Work request =
Every entry that follows is to be set down exactly, with its pictures omitted.

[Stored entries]
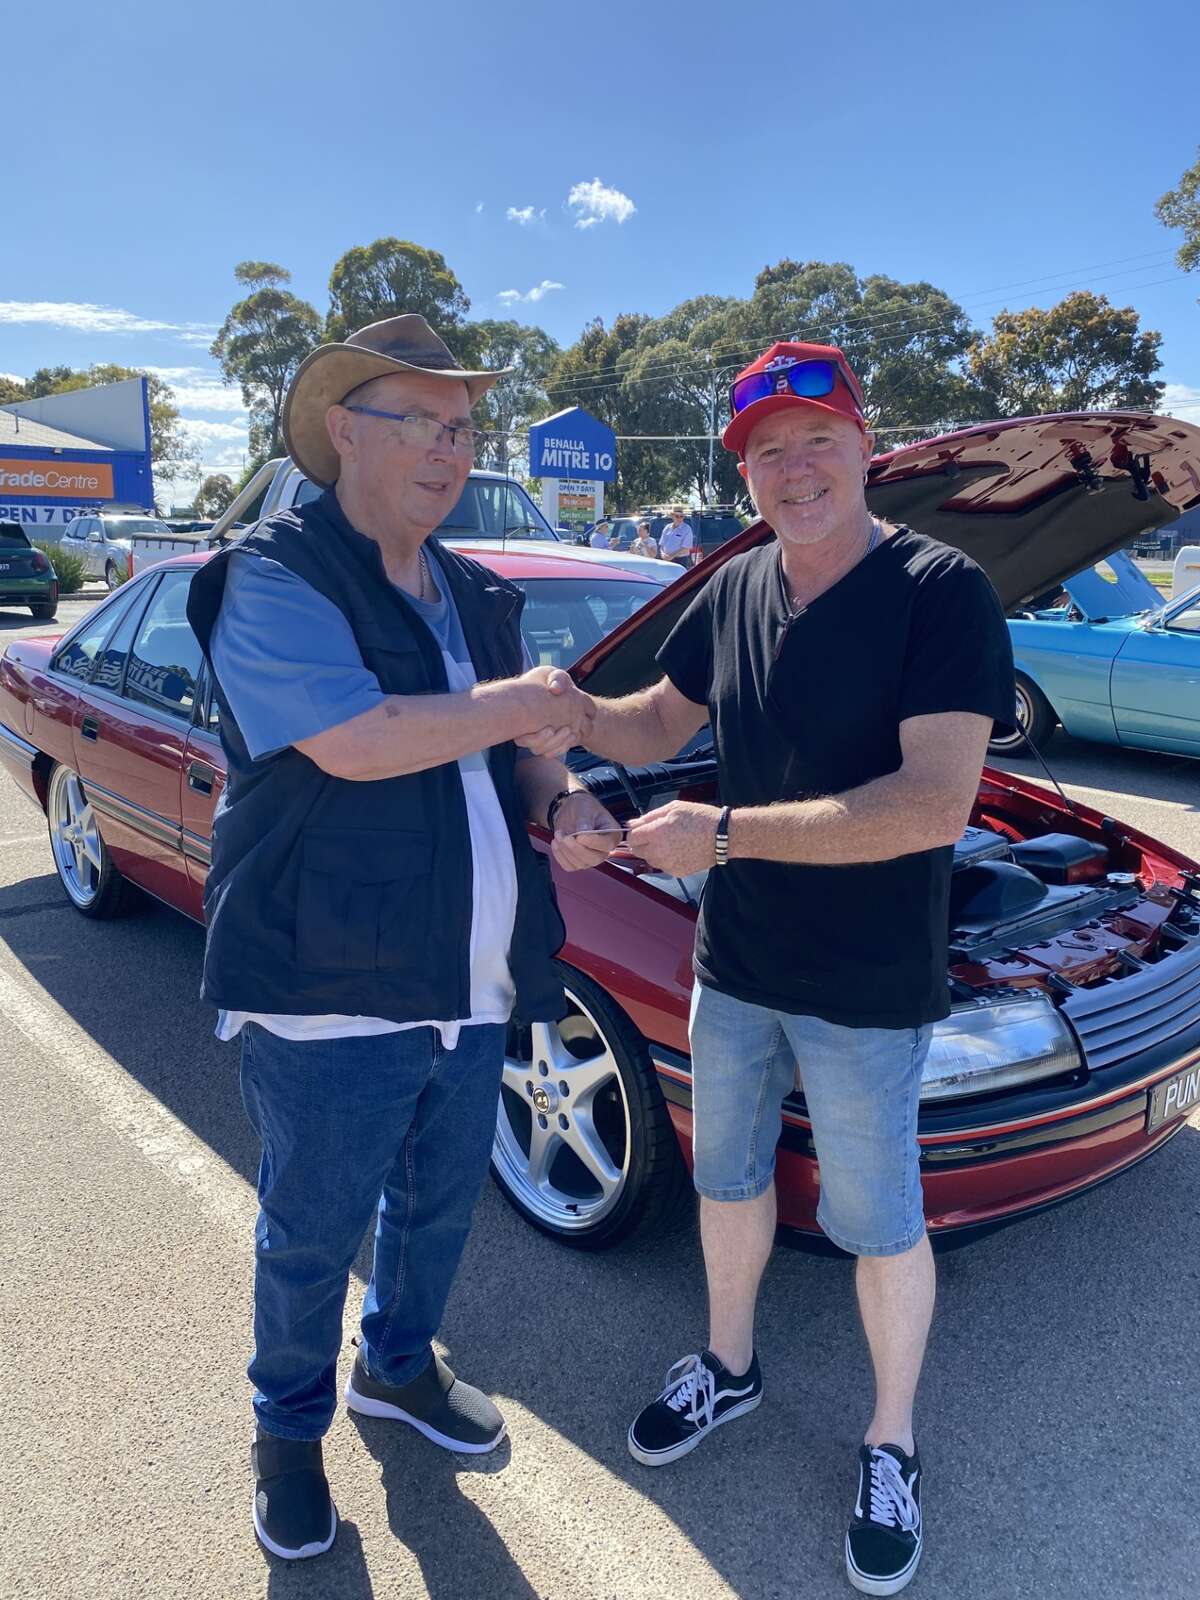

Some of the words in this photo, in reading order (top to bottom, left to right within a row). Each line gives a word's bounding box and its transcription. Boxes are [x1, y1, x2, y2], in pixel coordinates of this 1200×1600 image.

[544, 438, 585, 450] BENALLA
[541, 448, 590, 469] MITRE
[594, 452, 613, 471] 10
[44, 508, 56, 523] 7

Written response =
Some of the words in this photo, in reading order (top to bottom, left to right within a row). Each line gives a word's bounding box and its transcription. Boxes are [x1, y1, x2, y2], in pixel coordinates of this 1200×1600 image.

[544, 438, 585, 450] BENALLA
[541, 448, 590, 469] MITRE
[594, 452, 613, 471] 10
[44, 508, 56, 523] 7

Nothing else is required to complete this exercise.